Conclusion. The results of the study indicate the need to continue studying the pathophysiological causes of the onset and progression of MS, further identifying new biomarkers for predicting the course of MS, and evaluating the effectiveness of drugs that alter the course of MS.

1. Jakimovski D, Bittner S, Zivadinov R, et al. Multiple sclerosis. Lancet. 2024 Jan 13;403(10422):183-202. doi: 10.1016/S0140-6736(23)01473-3. Epub 2023 Nov 7.

2. Clinical guidelines. Multiple sclerosis. Moscow; 2022 (In Russ.).

3. Aliyu M, Zohora FT, Ceylan A, et al. Immunopathogenesis of multiple sclerosis: molecular and cellular mechanisms and new immunotherapeutic approaches. Immunopharmacol Immunotoxicol. 2024 Jun;46(3):355-77. doi: 10.1080/08923973.2024.2330642. Epub 2024 Apr 18.

4. Amezcua L. Progressive Multiple Sclerosis. Continuum (Minneap Minn). 2022 Aug 1;28(4):1083-103. doi: 10.1212/CON.0000000000001157

5. Kavaliunas A, Danylaite Karrenbauer V, Hillert J. Socioeconomic consequences of multiple sclerosis – A systematic literature review. Acta Neurol Scand. 2021 Jun;143(6):587-601. doi: 10.1111/ane.13411. Epub 2021 Mar 22.

6. Kuhlmann T, Moccia M, Coetzee T, et al; International Advisory Committee on Clinical Trials in Multiple Sclerosis. Multiple sclerosis progression: time for a new mechanism-driven framework. Lancet Neurol. 2023 Jan;22(1):78-88. doi: 10.1016/S1474-4422(22)00289-7. Epub 2022 Nov 18.
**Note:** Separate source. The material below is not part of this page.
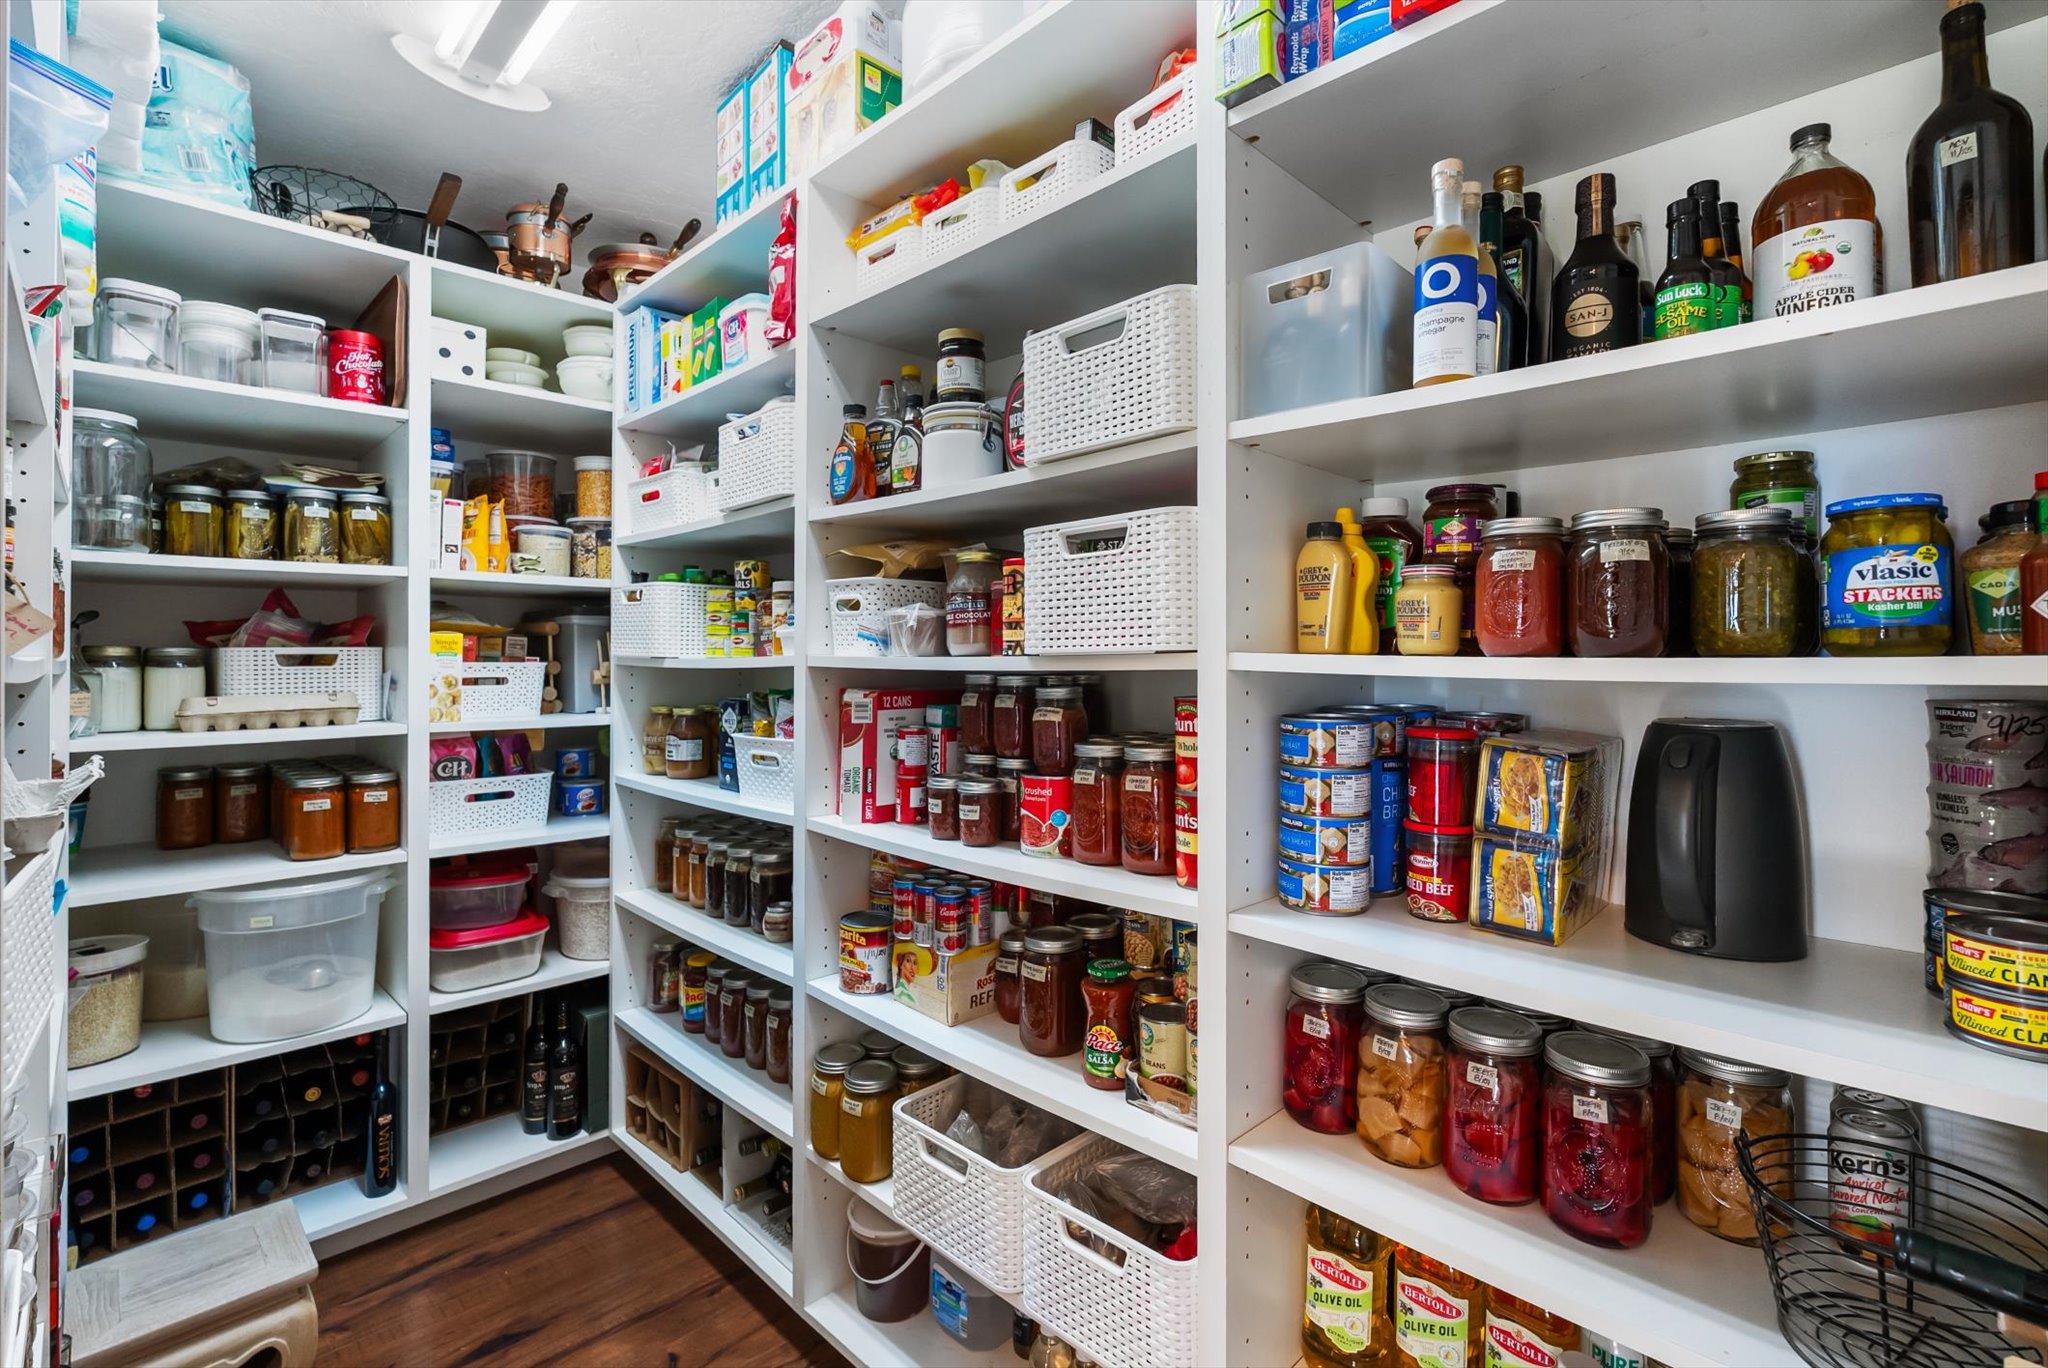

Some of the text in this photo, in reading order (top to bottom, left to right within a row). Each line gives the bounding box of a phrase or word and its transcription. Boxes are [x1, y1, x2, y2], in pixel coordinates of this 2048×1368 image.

7. Rida Zainab S, Zeb Khan J, Khalid Tipu M, et al. A review on multiple sclerosis: Unravelling the complexities of pathogenesis, progression, mechanisms and therapeutic innovations. Neuroscience. 2025 Feb 16;567:133-49. doi: 10.1016/j.neuroscience.2024.12.029. Epub 2024 Dec 19.

8. Milo R, Korczyn AD, Manouchehri N, Stüve O. The temporal and causal relationship between inflammation and neurodegeneration in multiple sclerosis. Mult Scler. 2020 Jul;26(8):876-86. doi: 10.1177/1352458519886943. Epub 2019 Nov 4.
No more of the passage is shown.